BEGIN

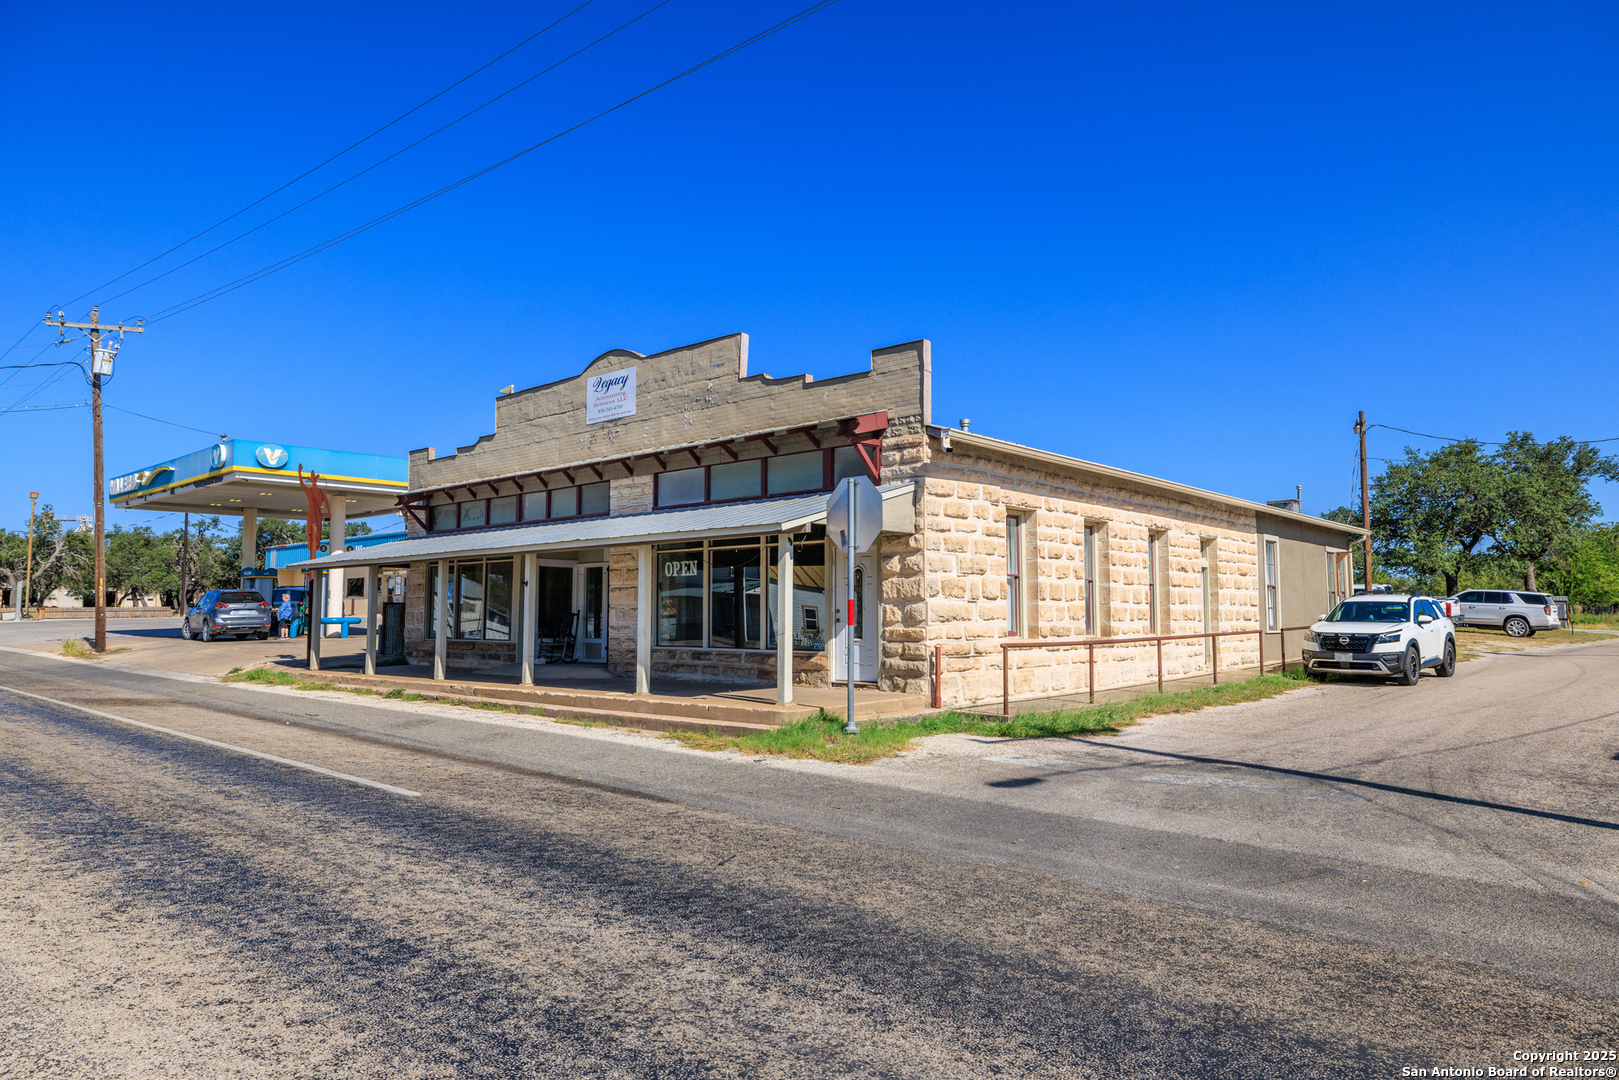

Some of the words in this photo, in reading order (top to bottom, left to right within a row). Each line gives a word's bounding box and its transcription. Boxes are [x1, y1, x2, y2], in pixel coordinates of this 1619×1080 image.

[592, 374, 630, 395] Legacy
[593, 400, 615, 409] Services
[595, 391, 627, 402] Accounting
[263, 447, 283, 465] V
[664, 560, 698, 577] OPEN
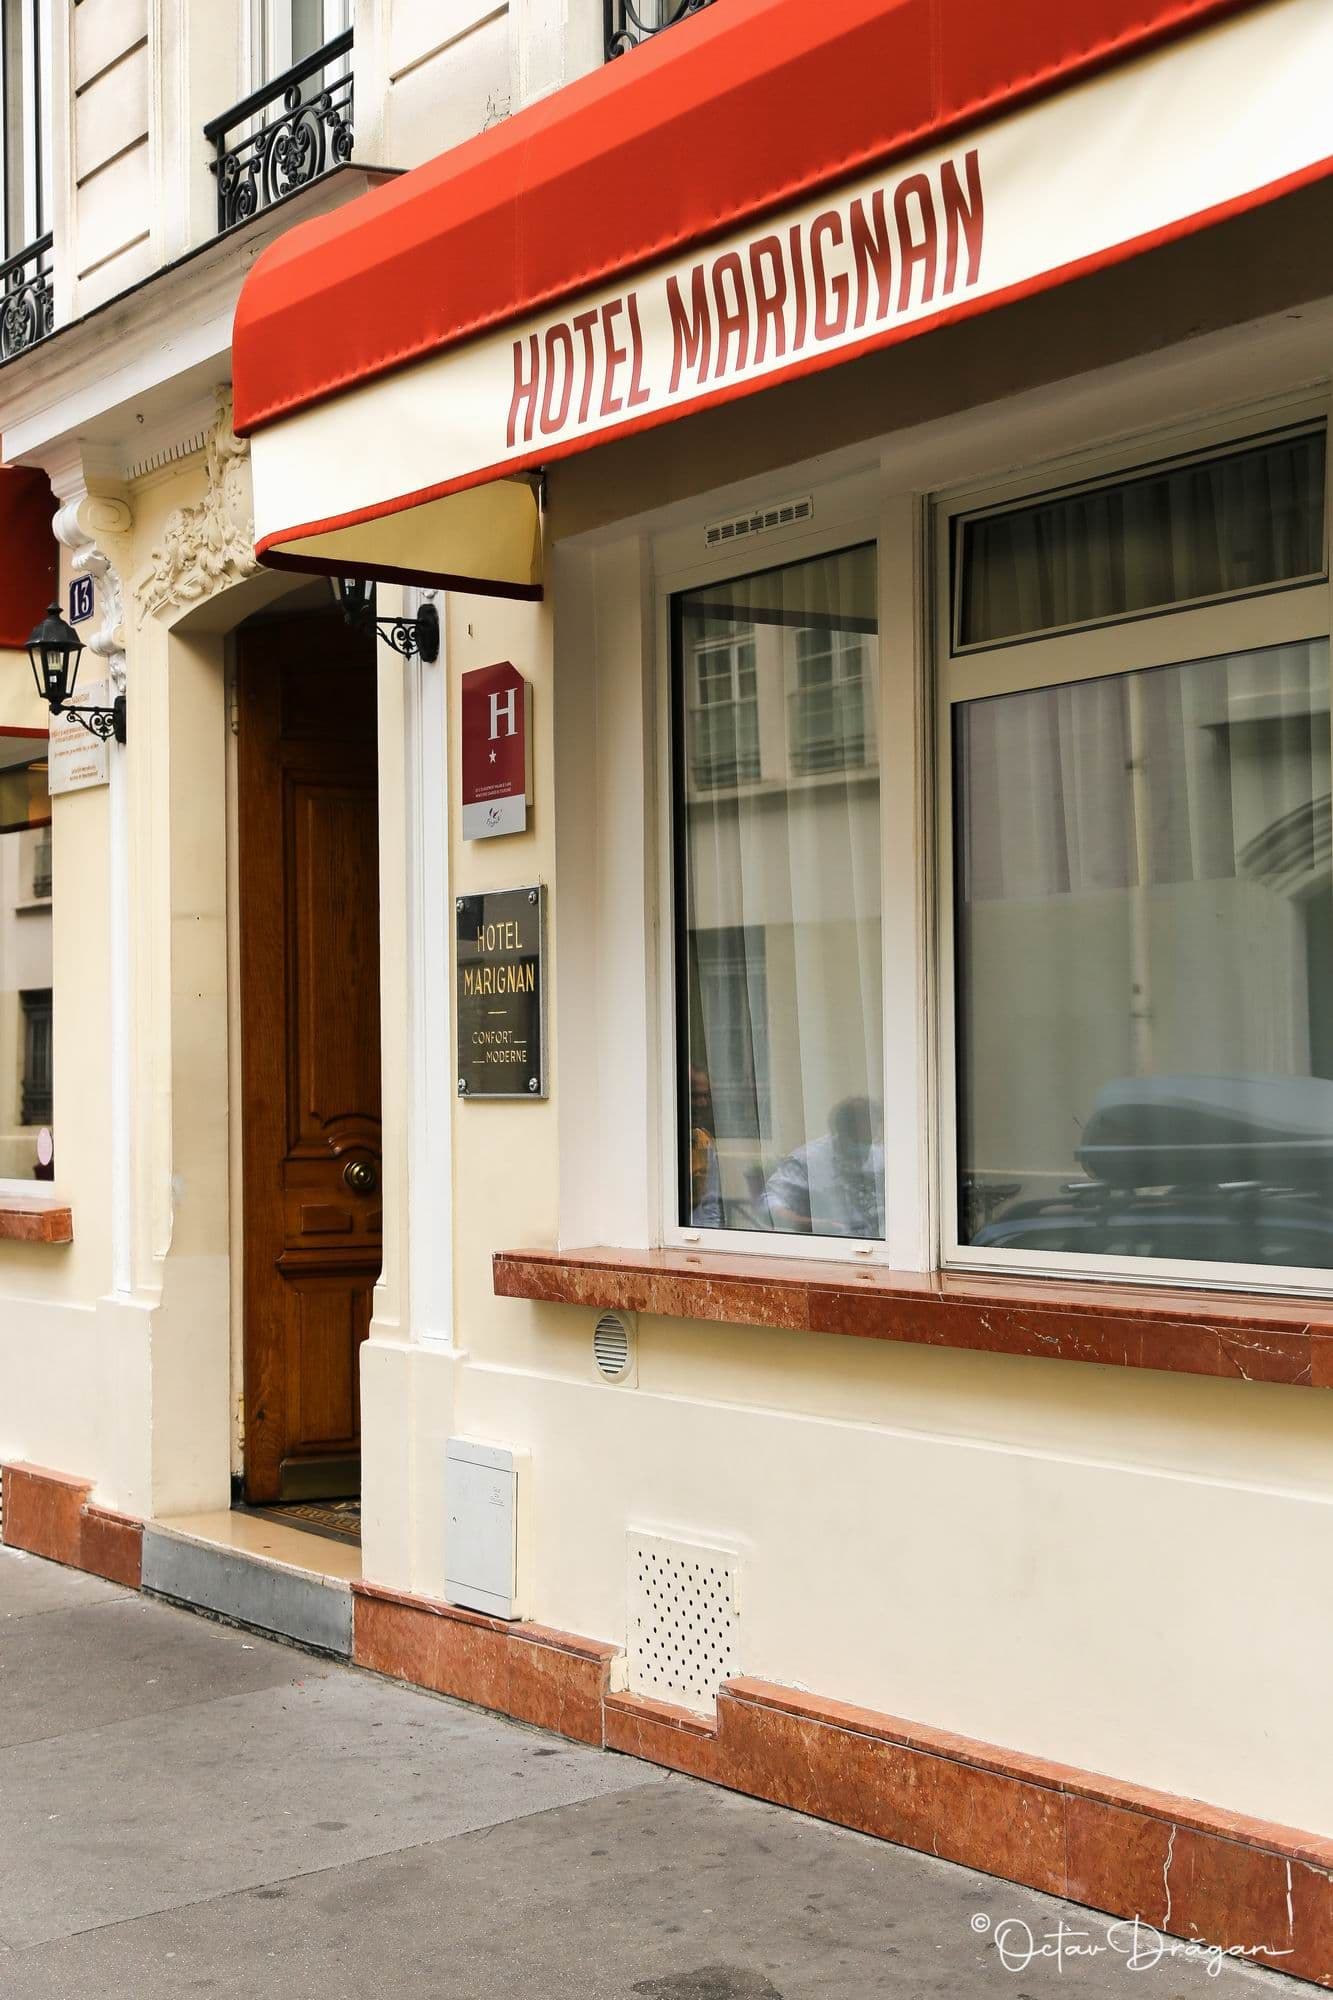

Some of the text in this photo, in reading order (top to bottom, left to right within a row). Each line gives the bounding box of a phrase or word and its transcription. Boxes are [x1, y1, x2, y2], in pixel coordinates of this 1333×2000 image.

[506, 148, 985, 449] HOTEL MARIGNAN
[73, 579, 91, 619] 13
[488, 687, 518, 741] H
[477, 920, 523, 952] HOTEL
[464, 963, 535, 996] MARIGNAN
[472, 1030, 513, 1045] CONFORT
[486, 1050, 527, 1063] MODERNE

END

• Work instruction: Each entry should come back exactly as written, with its pictures omitted.

• Written reply:
Some of the words in this photo, in reading order (top to bottom, left to right within a row). Each line gives a word's bounding box and its transcription. Boxes are [x1, y1, x2, y2], in pixel coordinates of this 1619×1080 image.

[592, 374, 630, 395] Legacy
[593, 400, 615, 409] Services
[595, 391, 627, 402] Accounting
[263, 447, 283, 465] V
[664, 560, 698, 577] OPEN

Some of the text in this photo, in reading order (top to bottom, left to right within a row). Each line gives the bounding box of a phrase or word and its transcription. Boxes are [x1, y1, x2, y2], in pixel coordinates of this 1333×2000 image.

[506, 148, 985, 449] HOTEL MARIGNAN
[73, 579, 91, 619] 13
[488, 687, 518, 741] H
[477, 920, 523, 952] HOTEL
[464, 963, 535, 996] MARIGNAN
[472, 1030, 513, 1045] CONFORT
[486, 1050, 527, 1063] MODERNE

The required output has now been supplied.